A survey shows that parents are struggling to find trusted babysitters and would pay more for well-trained teens.

The Red Cross poll found that in the past 24 months, 55 percent of parents surveyed decided to stay home because they couldn’t find a babysitter. The survey also found that nearly a third (30 percent) of parents rejected a potential babysitter because of safety concerns.

Parents want to entrust their children to babysitters trained in first aid, CPR (cardio-pulmonary resuscitation) and childcare skills, and more than 80 percent of parents believe that teenage babysitters should be paid more if they have these skills. However, eight in 10 parents (83 percent) have looked to adult relatives, while nearly half (48 percent) have relied on adult friends to watch their children.

“Parents want recommended sitters who have childcare training and CPR certification,” said Tener Goodwin Veenema, a member of the Red Cross Scientific Advisory Council. “As a mother of four, I know that there is more to choosing a babysitter than price or availability.
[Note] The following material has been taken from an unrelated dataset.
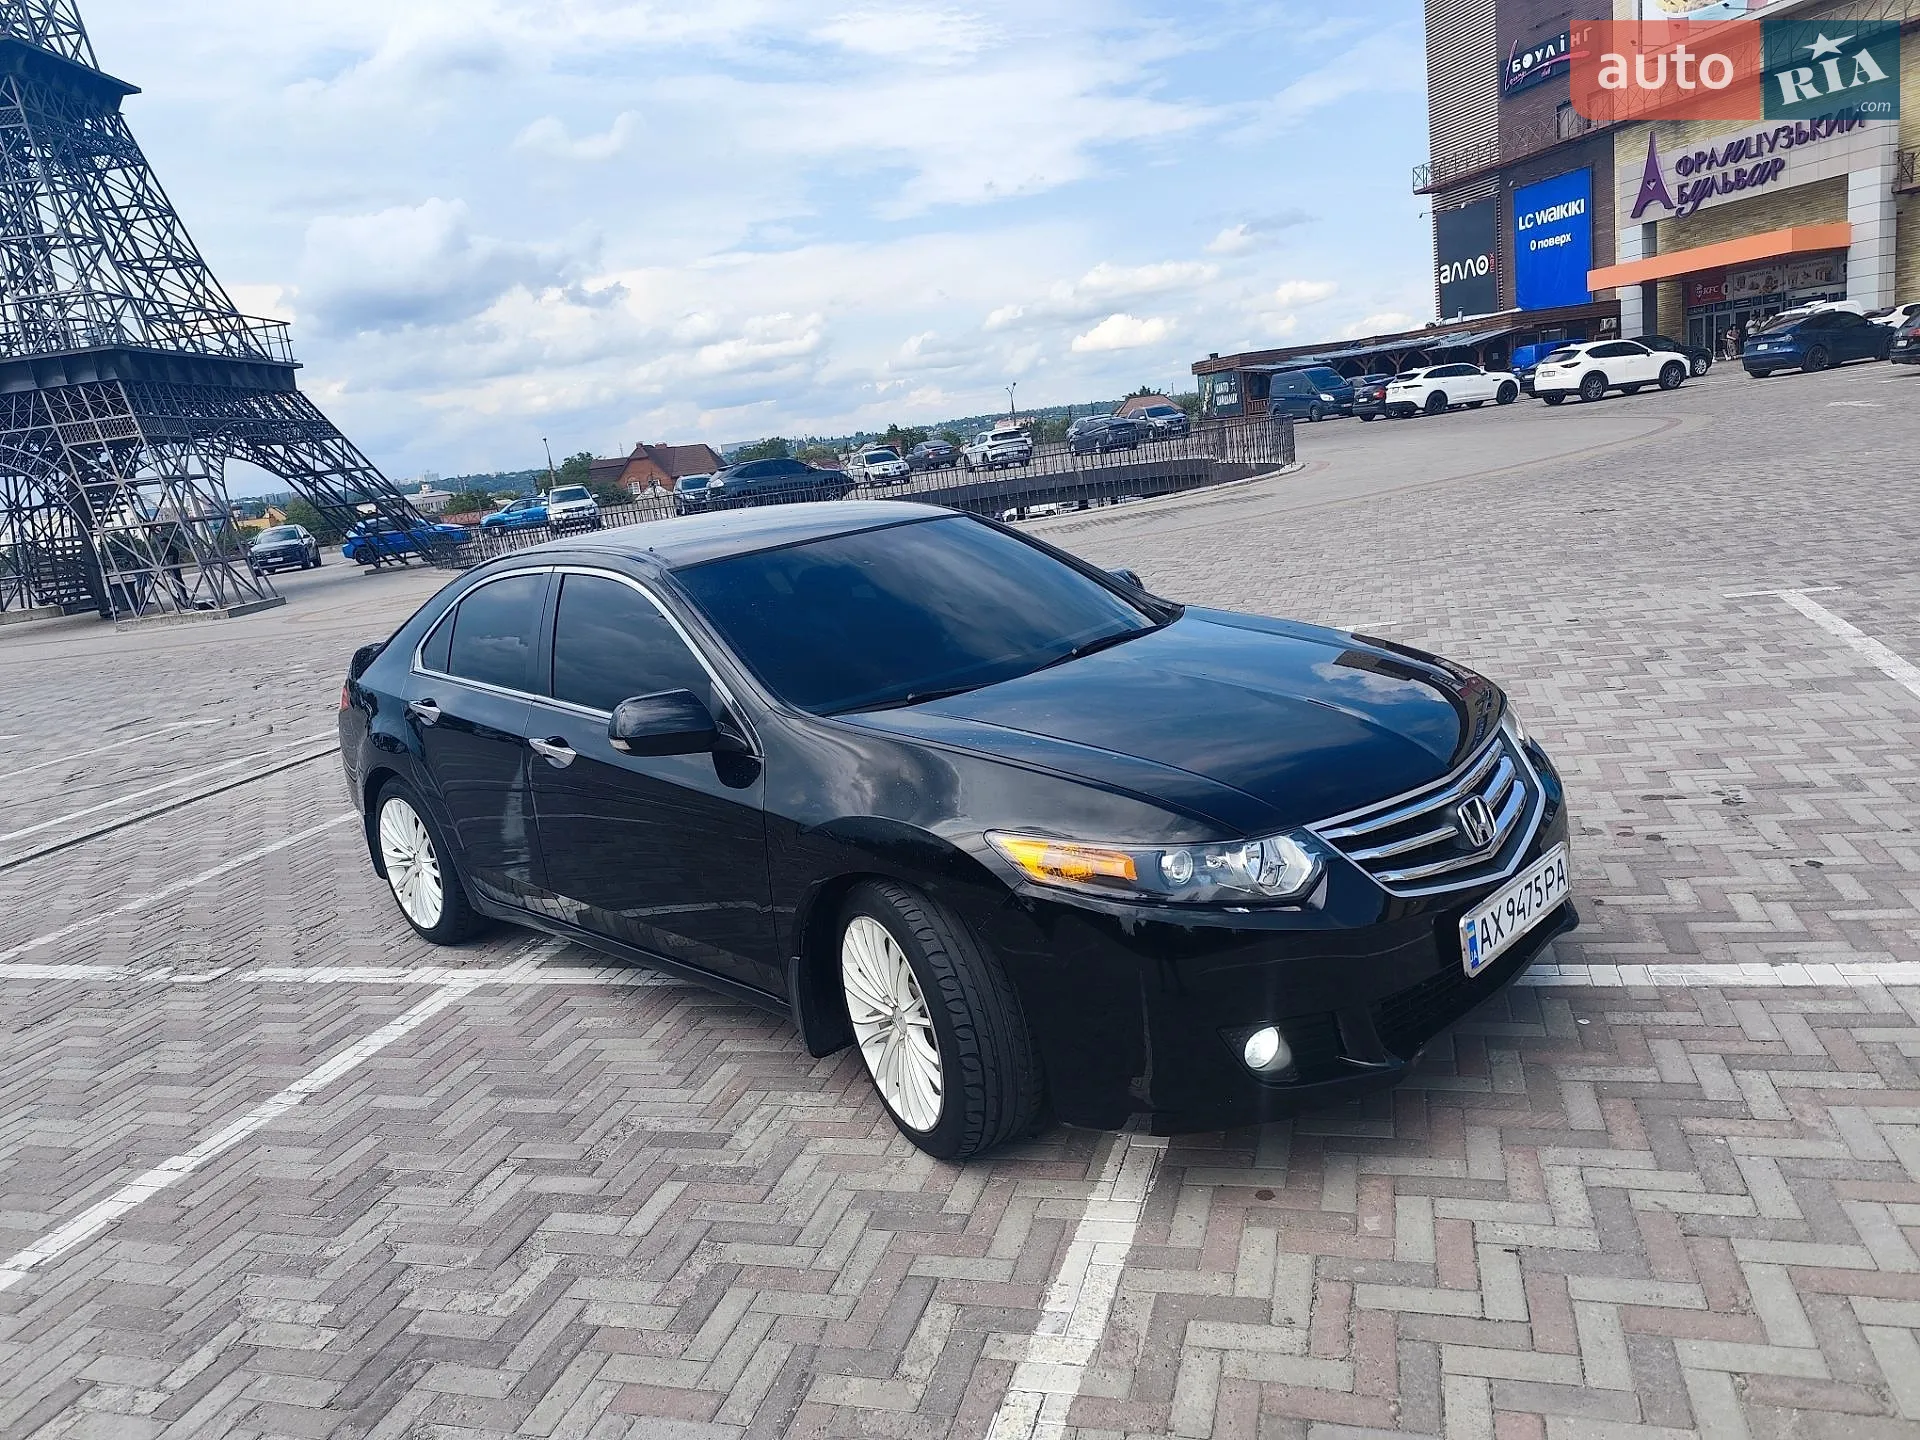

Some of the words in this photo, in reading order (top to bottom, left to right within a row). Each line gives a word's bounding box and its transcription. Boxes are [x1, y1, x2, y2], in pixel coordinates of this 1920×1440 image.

The safety and welfare of our children is first and foremost.”

About half (51 percent) of Americans rely on unpaid babysitters, and nearly a quarter (24 percent) pay between $6 and $10 an hour for someone to watch their children. Ten percent pay between $11 and $15 an hour; while four percent pay between $16 and $20 an hour, making babysitting a potentially lucrative option for qualified teenagers.

A majority of parents believe sitters should be paid more if they are trained to help a child who is choking, recognize potential emergency situations, identify items that could be hazardous to small children, and give first aid for minor cuts and bruises. More than three in four (77 percent) of parents with children younger than 17 feel teenagers should receive some training before they begin babysitting.

It was a telephone survey of 1,082 U.S. adults 18 years and older on March 22–April 1, 2012 conducted in ORC International’s CARAVAN survey using a landline plus -cell dual-frame sampling design. The findings were released Wednesday, May 9.

The Red Cross babysitting, CPR and first aid courses teach teens how to care for young children and handle emergency situations. The American Red Cross babysitting certification course gives youth the knowledge and confidence to care for infants and school-aged children. Adults can also boost their babysitting skills by enrolling in CPR and First Aid courses.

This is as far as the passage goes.